Seppings on joining of timbers

In forming the frames or ribs, half the timbers only are united … the intermediate two timbers [termed fillings] being unconnected with each other, and merely resting on the outer planking, instead of giving support to it … This loose practice is, I believe, peculiar to the English merchant ship-builder; and indeed was persued till very lately even in His Majesty's Navy, while the preferable system of connecting the ribs was common to other maritime powers.
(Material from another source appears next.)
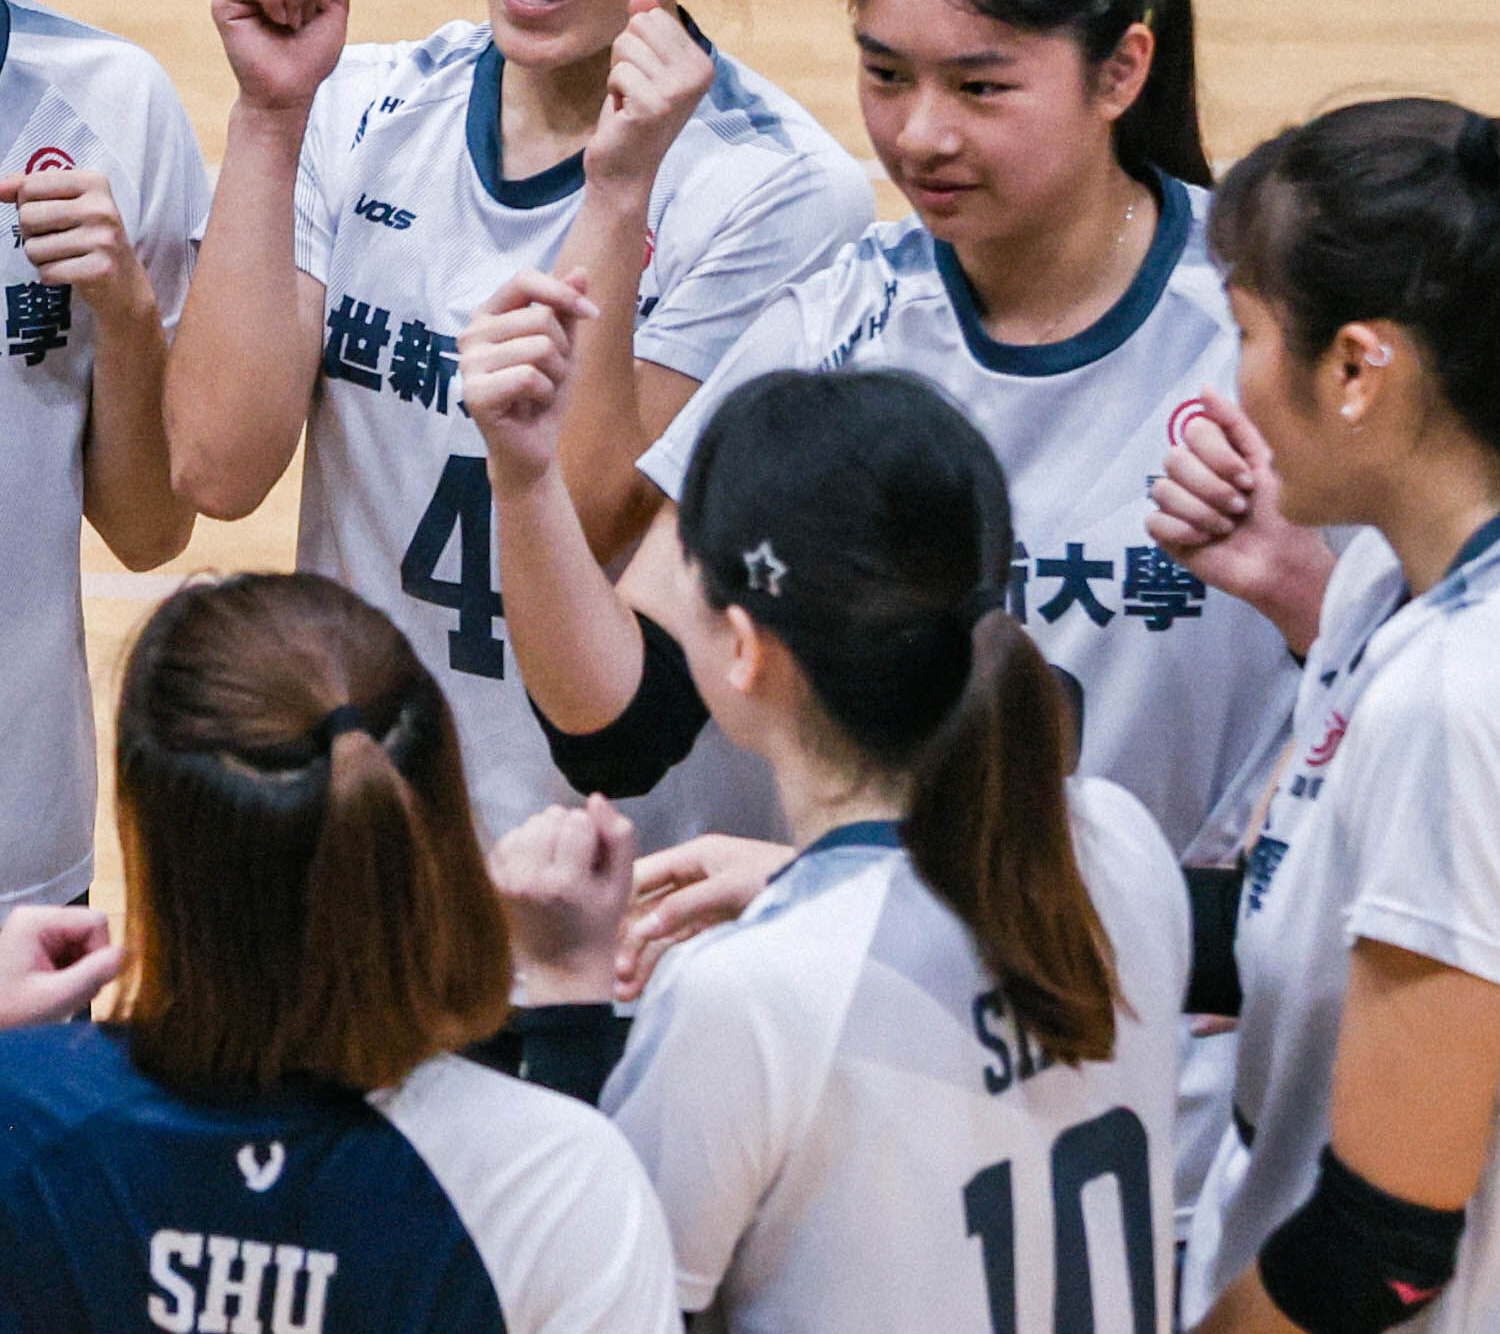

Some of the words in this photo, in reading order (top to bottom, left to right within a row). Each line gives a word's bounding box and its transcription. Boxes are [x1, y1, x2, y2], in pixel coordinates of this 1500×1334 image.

[354, 192, 417, 230] VOLS
[401, 454, 505, 680] 4
[1008, 541, 1206, 631] 大學
… but the present mode of joining together the several pieces of the same rib, is also highly objectionable. It is done by the introduction of a third piece, technically termed a chock or wedge piece … Of these chocks not only one in a hundred is ever replaced [i.e. reused] in the general repair of a ship; for they are not only found defective, but very generally to have communicated their own decay to the timbers to which they are attached. Besides this, the grain of the rib-pieces being much cut, to give them the curvature required, has a considerable share in weakening the general fabric. That they occasion a great consumption of materials, is obvious, as the ends of the two rib pieces must first be cut away, and then be replaced by the chock.

… the introduction of chocks was no doubt to procure that curvature which is so necessary in the formation of a ship, when crooked or compass timber became scarce …


Sir Robert Seppings writing in the Philosophical Transactions, 1820.